What is particularly intriguing about this is that in modern-day people,
there tends to be a split between the intuitive and symbolic selves, such
that people tend to have two distinct identities in many cases.  Schizophrenic
individuals tend to have the most severe separations of these identities,
but they seem to exist in most people.  Wilson Van Dusen's very amazing
paper, "The Natural Depth in Man," which is published in Carl Rogers' book
_Person_To_Person:_The_Problem_of_Being_Human_, discusses Van Dusen's
discovery of what seems to be his intuitive self manipulating verbal
symbols to communicate ideas that are outside of his consistent, conscious
self.  There is also some suggestion that the concept of the "ego" is
actually an approximation to the verbal self; an intriguing example of
this is the psychologist Helen Schucman's book, "A Course in Miracles,"
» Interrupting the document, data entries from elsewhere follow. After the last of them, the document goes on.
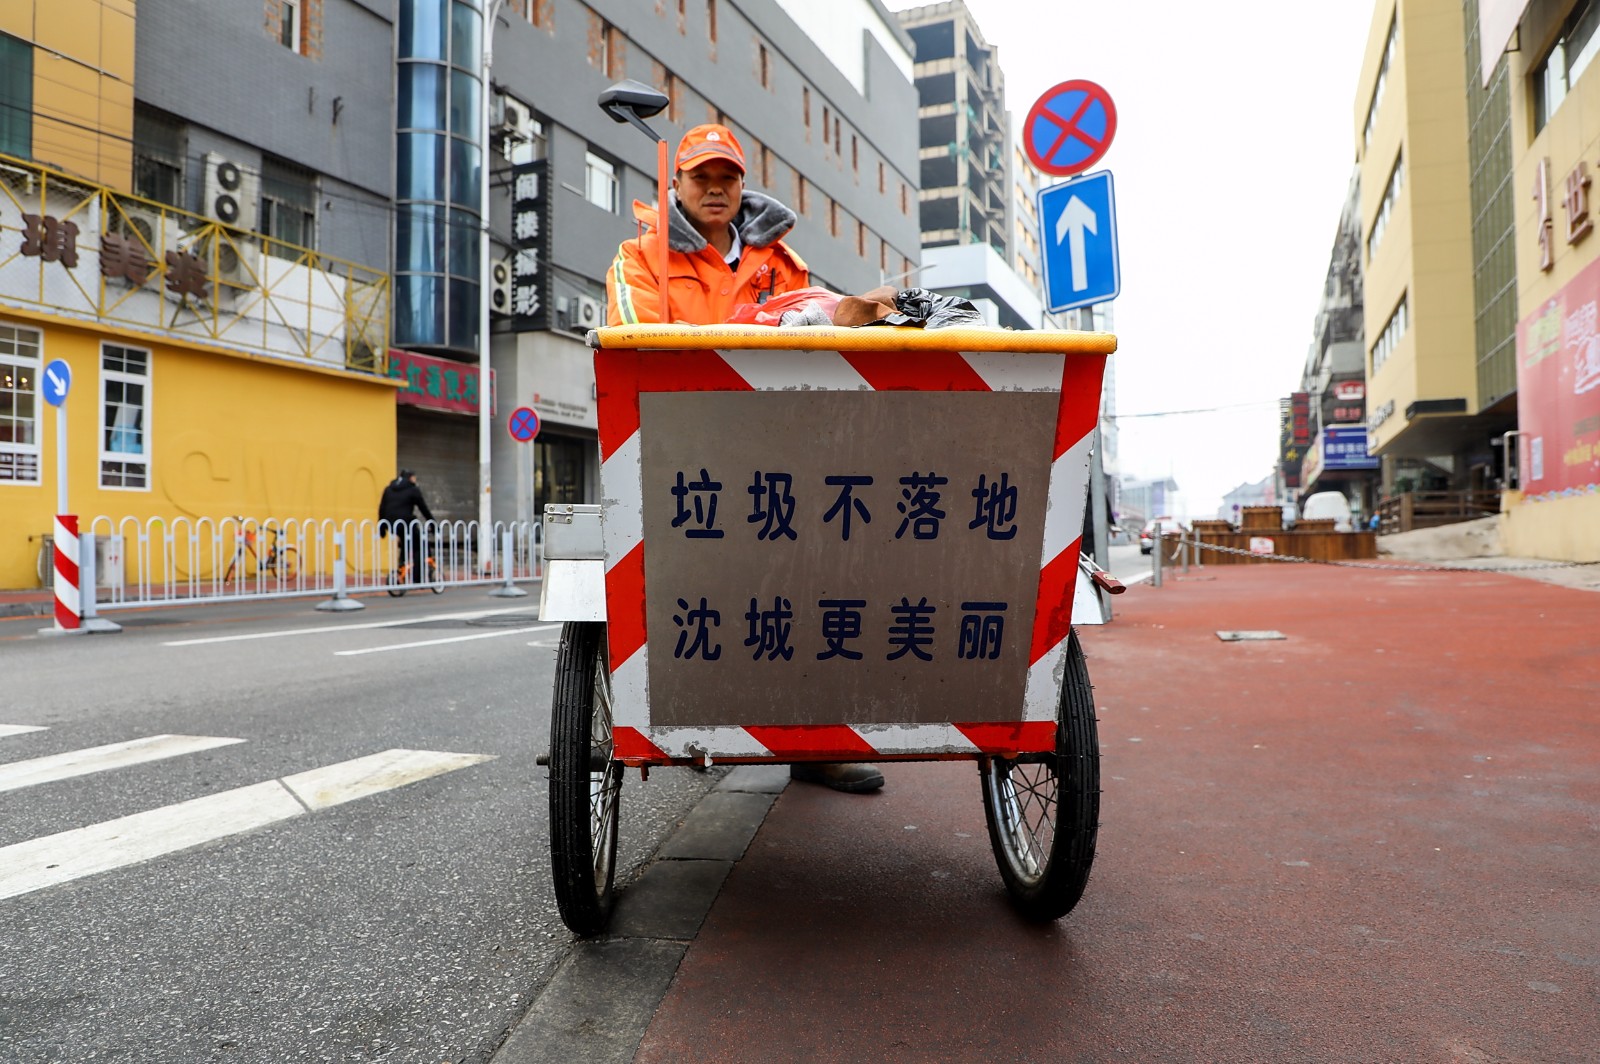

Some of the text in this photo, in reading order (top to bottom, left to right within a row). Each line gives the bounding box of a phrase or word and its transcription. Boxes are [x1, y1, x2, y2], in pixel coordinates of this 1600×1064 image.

[670, 468, 1019, 542] 垃圾不落地
[668, 596, 1009, 662] 沈城更美丽
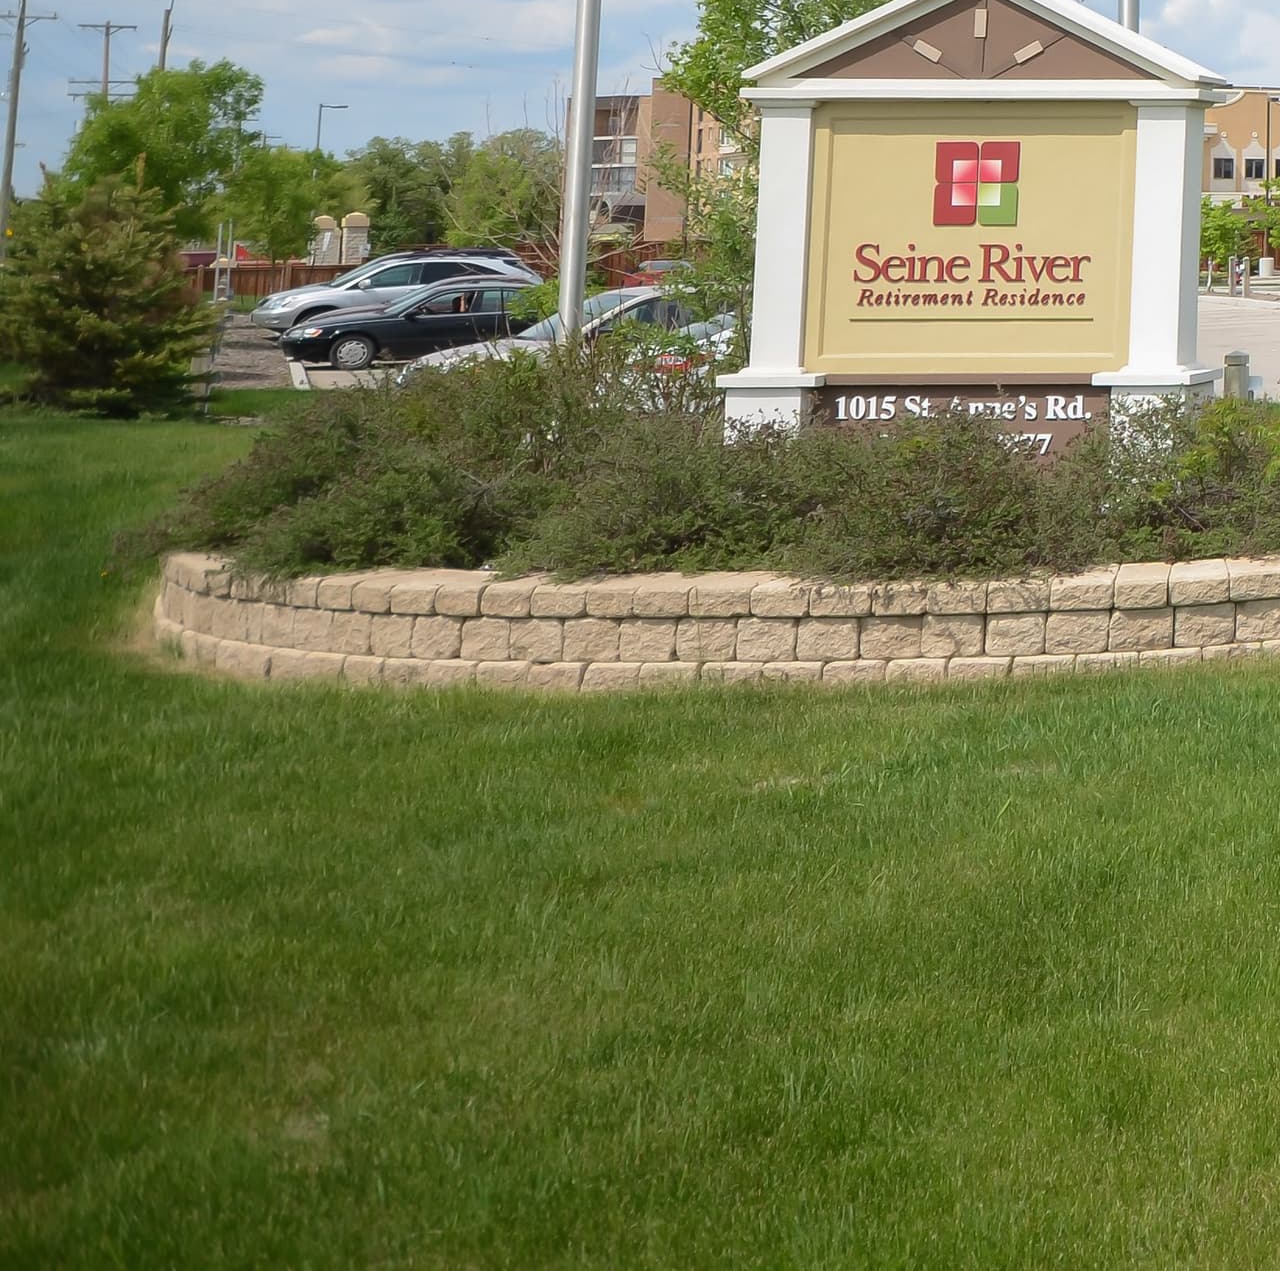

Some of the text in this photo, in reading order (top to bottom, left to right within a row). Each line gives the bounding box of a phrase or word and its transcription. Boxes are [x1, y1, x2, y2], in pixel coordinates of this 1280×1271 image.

[853, 243, 1092, 284] Seine River
[856, 288, 1086, 307] Retirement Residence
[834, 395, 897, 420] 1015
[1045, 395, 1092, 421] Rd.
in which a woman who has been constrained to live a "domestic" life for
most of her life seems to have developed an elaborate and largely intuitive
theory independent of her external life, which she tries to communicate in
a curiously intuitive way in this book, through religious symbolism.  (The
book makes much broader and larger claims than that, and I don't know if
I disagree with the book's broader claims; rather, the above is just a
commentary on how the book seems to have been written, rather than on its
content.)

I don't have many specific references on this subject, because it is the
result of several years of thinking and reading in an attempt to solve a
specific problem, the question of how to convey architectural principles
in the design of computer systems to others.  It is an example of the sort
of thing that seems to be largely nonsymbolic and intuitive in nature, but
which is particularly hard to communicate because people in this field
refuse to accept, for the most part, any results which are not symbolically
representable.  My very recent paper, "Minix Policy Model," which I
presented last week at the AIAA conference in Orlando, is an example of
an attempt to find a symbolic representation for architectural ideas that
are actually largely intuitive in nature.  It doesn't have anything specific
to do with the concepts I've described here, although I do allude to them
a few times in the paper.  The paper is about an OS architecture, symbolically
represented.

Note, of course, that all *ideas* are inherently symbolic at one level, since
they are represented in the mind.  The distinction between the "intuitive"
reasoning and the "symbolic" reasoning I've been referring to is that the 
symbolic reasoning uses recognized, distinct symbols, whether they are
the symbols from symbolic logic, or words like "women" and "feminists," to
represent things by abstraction.  The intuitive representations of things
are fairly direct representations of how the things were originally
perceived (or how they will be carried out, in the Bull Durham sort of
examples), rather than abstractions that are "freed" from the full
perceptual representation in order to be manipulated.